Are 3 reps or 5 reps better for strength?
My reply to that question is, it depends. Some people get stronger with 3 reps and some need 5 reps to get stronger. I actually did an experiment with this myself. After reading coach summers ” Building the gymnastic body” I took a good tidbit away from it. Muscles adapt/grow/healĀ much faster than tendons and ligaments. Therefore, it’s more likely that you may get hurt if you just keep increasing the weight you lift all the time. Instead, use the same weight for 6-8 weeks.

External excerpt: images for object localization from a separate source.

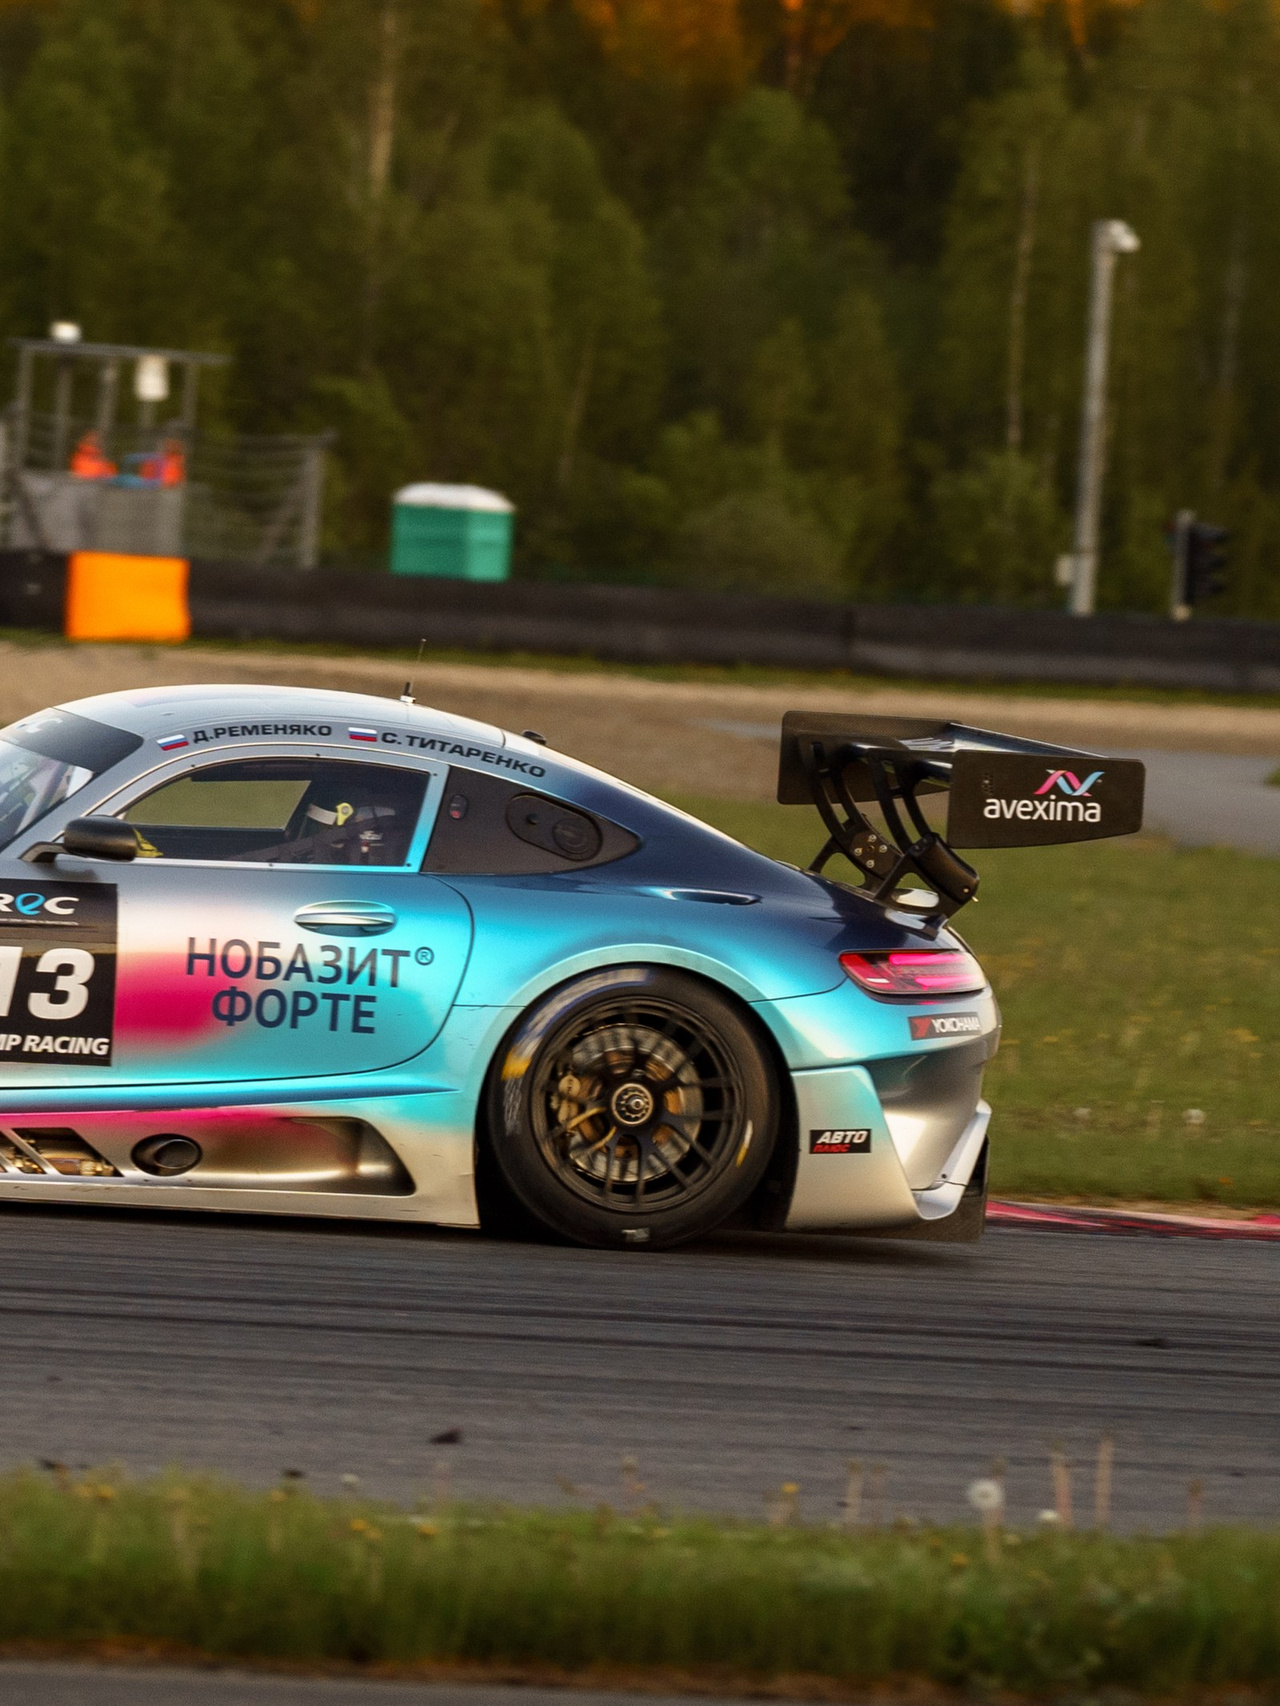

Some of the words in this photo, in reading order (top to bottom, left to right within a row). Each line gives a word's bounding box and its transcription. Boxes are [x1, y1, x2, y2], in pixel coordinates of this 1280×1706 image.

[983, 794, 1102, 823] avexima
[211, 986, 378, 1034] ФОРТЕ
[22, 1035, 110, 1056] RACING
[816, 1130, 869, 1144] АВТО
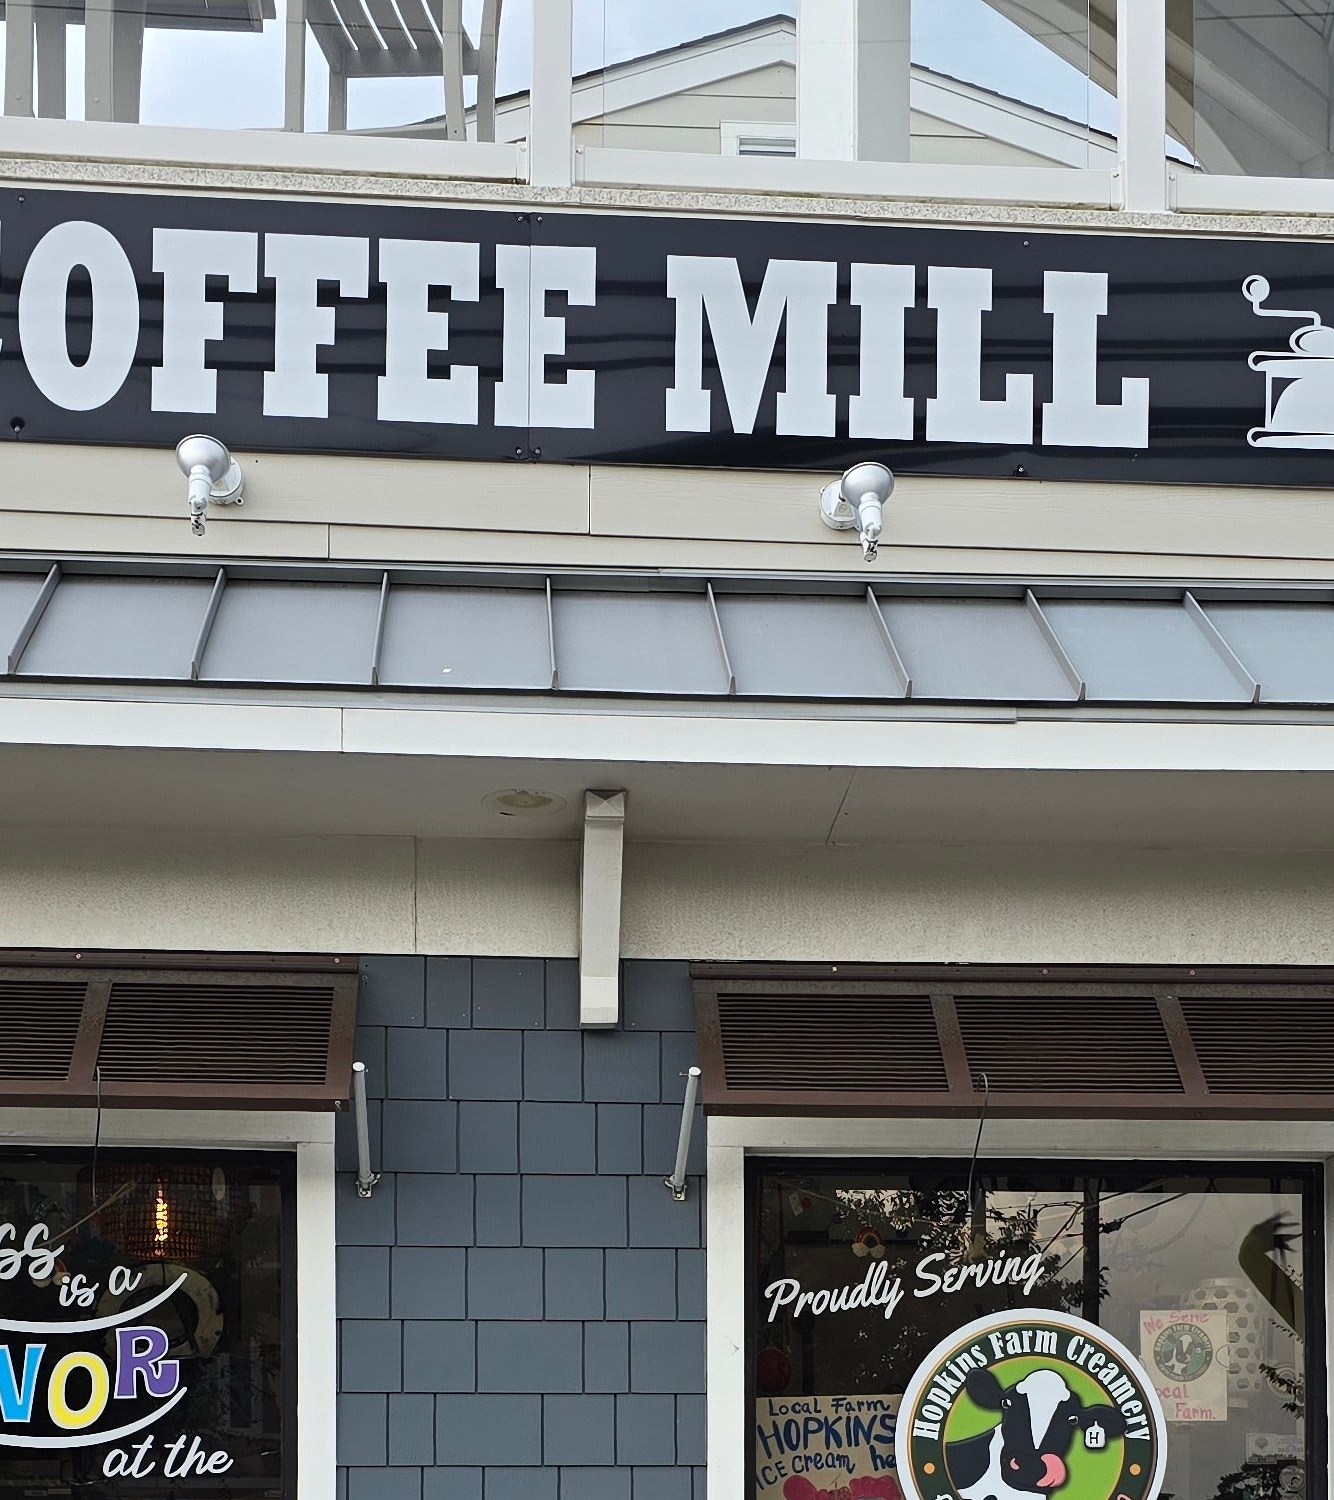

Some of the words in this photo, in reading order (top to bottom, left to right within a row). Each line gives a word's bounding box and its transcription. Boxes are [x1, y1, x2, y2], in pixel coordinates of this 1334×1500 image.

I began doing this with Clean & Presses along with Deadlifts. I would workout doing 5 sets of 5 reps on the clean and press. Then I would do 1 set of 5 reps for the deadlift. I stayed at the same weight for 8 weeks and only do this workout once a week. What I notice is on the 8th week, the weight feels so much lighter, and I am able to add another 2-4 pounds to the bar. This may be too slow for some people, but I find that I am making steady gains in weight, and an increase of 24 lbs. in a year while minimizing injury, is good enough for me.
Now, I wanted to see if I would make those same gains and feel the same way if I did only 3 reps instead of 5. To my surprise the answer was yes. On the 8th week, the weight began to feel lighter and I was able to add 4 more pounds without a problem. How about that? I actually did less work, finished my workout a bit sooner, felt more refreshed, and I still made the same strength gains. I realized that I only had to do so much work to create strength and then the rest is kind of wasted energy.